-- Source information follows --

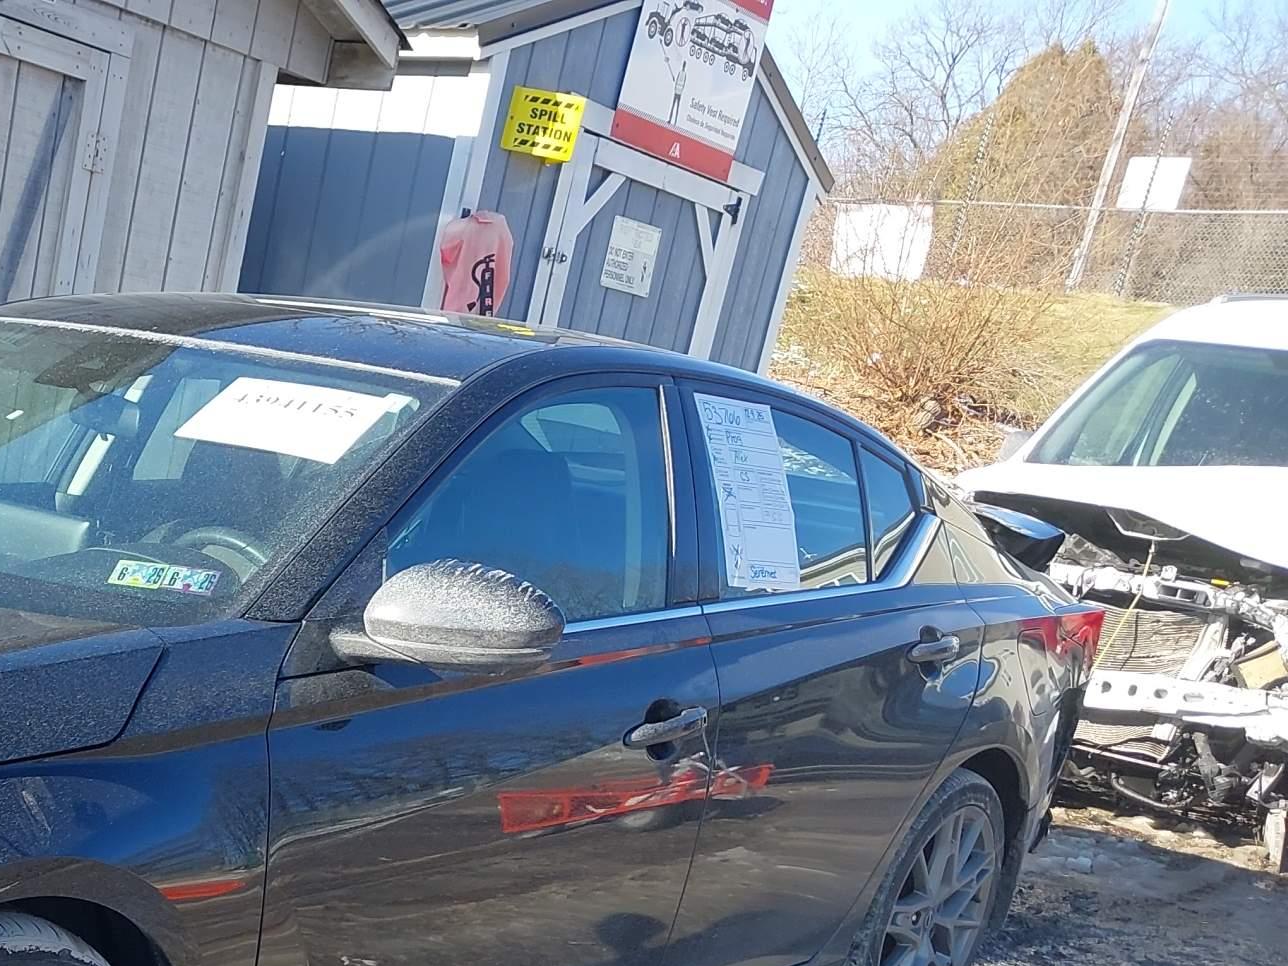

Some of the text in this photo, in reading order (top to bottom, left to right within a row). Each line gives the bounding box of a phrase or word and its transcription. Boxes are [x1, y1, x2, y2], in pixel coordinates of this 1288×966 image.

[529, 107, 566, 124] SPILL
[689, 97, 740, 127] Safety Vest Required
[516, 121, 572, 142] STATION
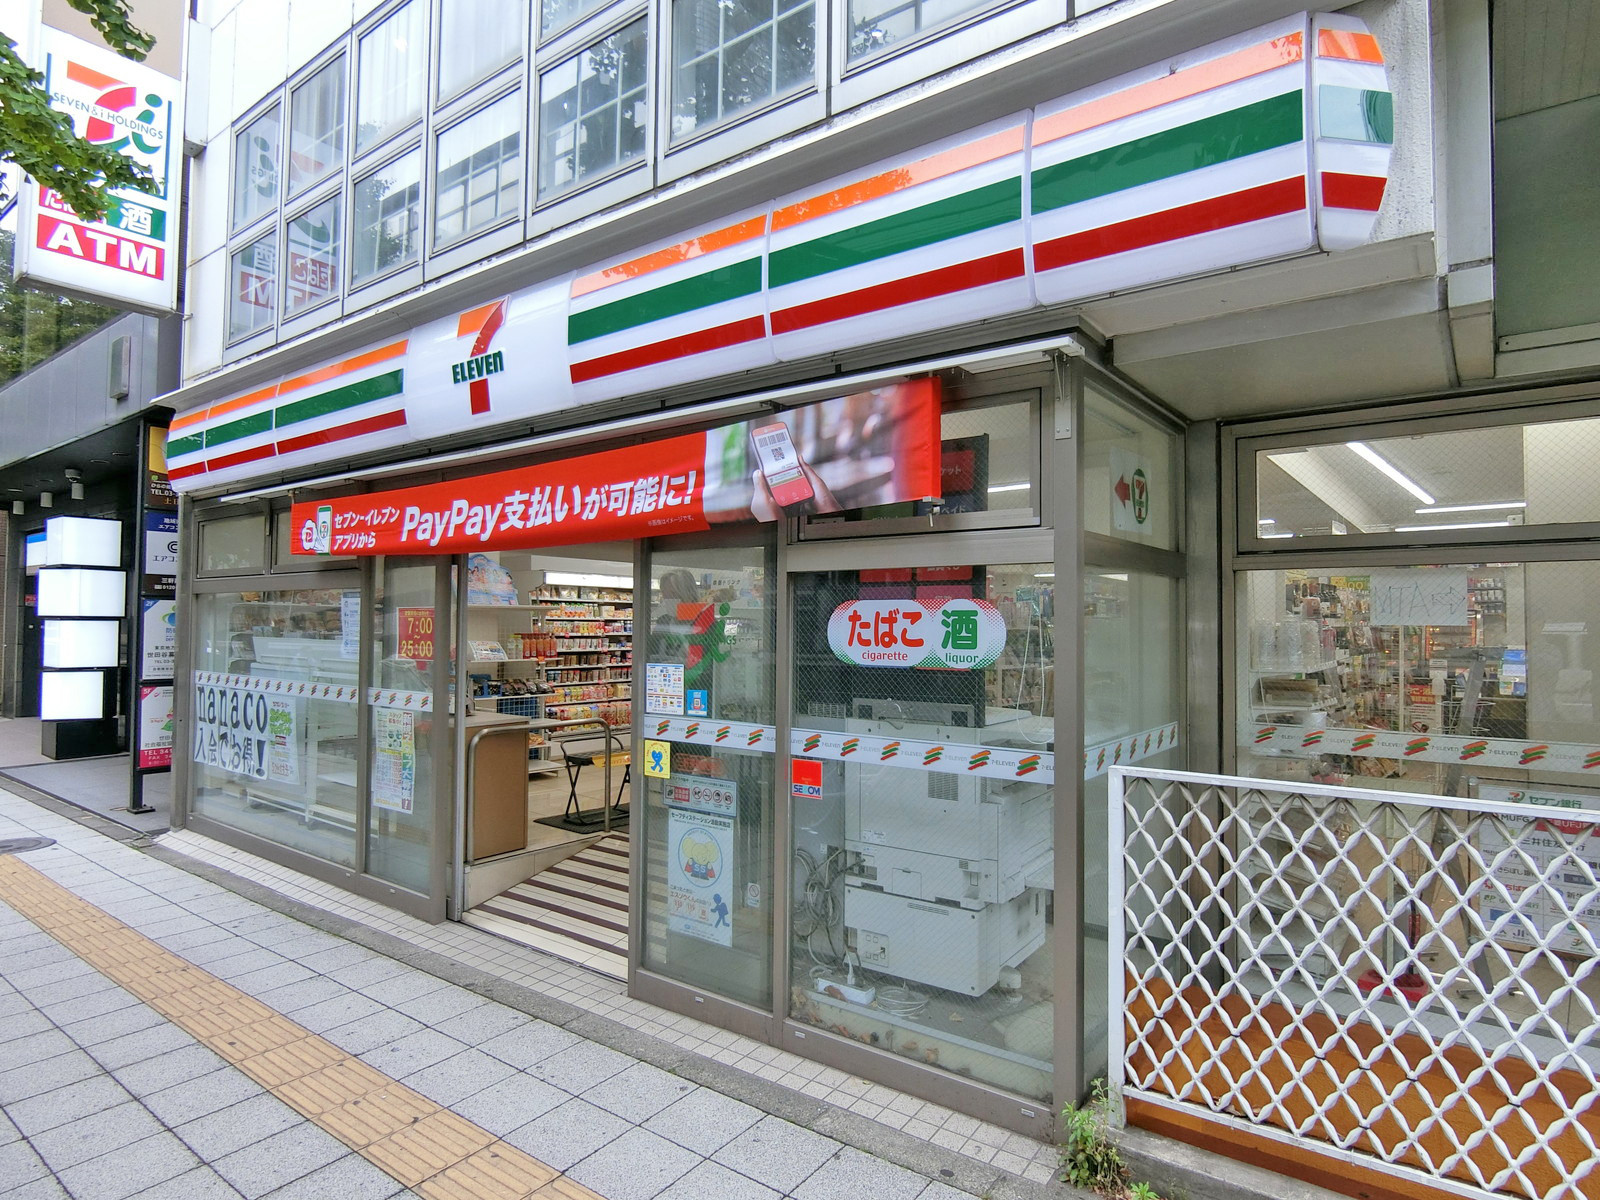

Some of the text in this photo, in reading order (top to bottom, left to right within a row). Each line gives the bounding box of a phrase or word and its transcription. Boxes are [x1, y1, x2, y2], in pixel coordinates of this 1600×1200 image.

-- Source information concluded --

Task item
Please set down every line of the listing verbatim, excluding its pictures.

Answer to the exercise
Some of the text in this photo, in reading order (top to bottom, left to right within a row). Each line gives the bounding box of a phrase or word and its transcription. Boxes are [x1, y1, x2, y2], in pixel coordinates of this 1288×966 image.

[529, 107, 566, 124] SPILL
[689, 97, 740, 127] Safety Vest Required
[516, 121, 572, 142] STATION

Some of the text in this photo, in reading order (top to bottom, left to right within a row). Each line gives the bounding box of a phrase or word and its transcription. Boxes are [x1, y1, x2, y2], in pixel coordinates of this 1600×1200 image.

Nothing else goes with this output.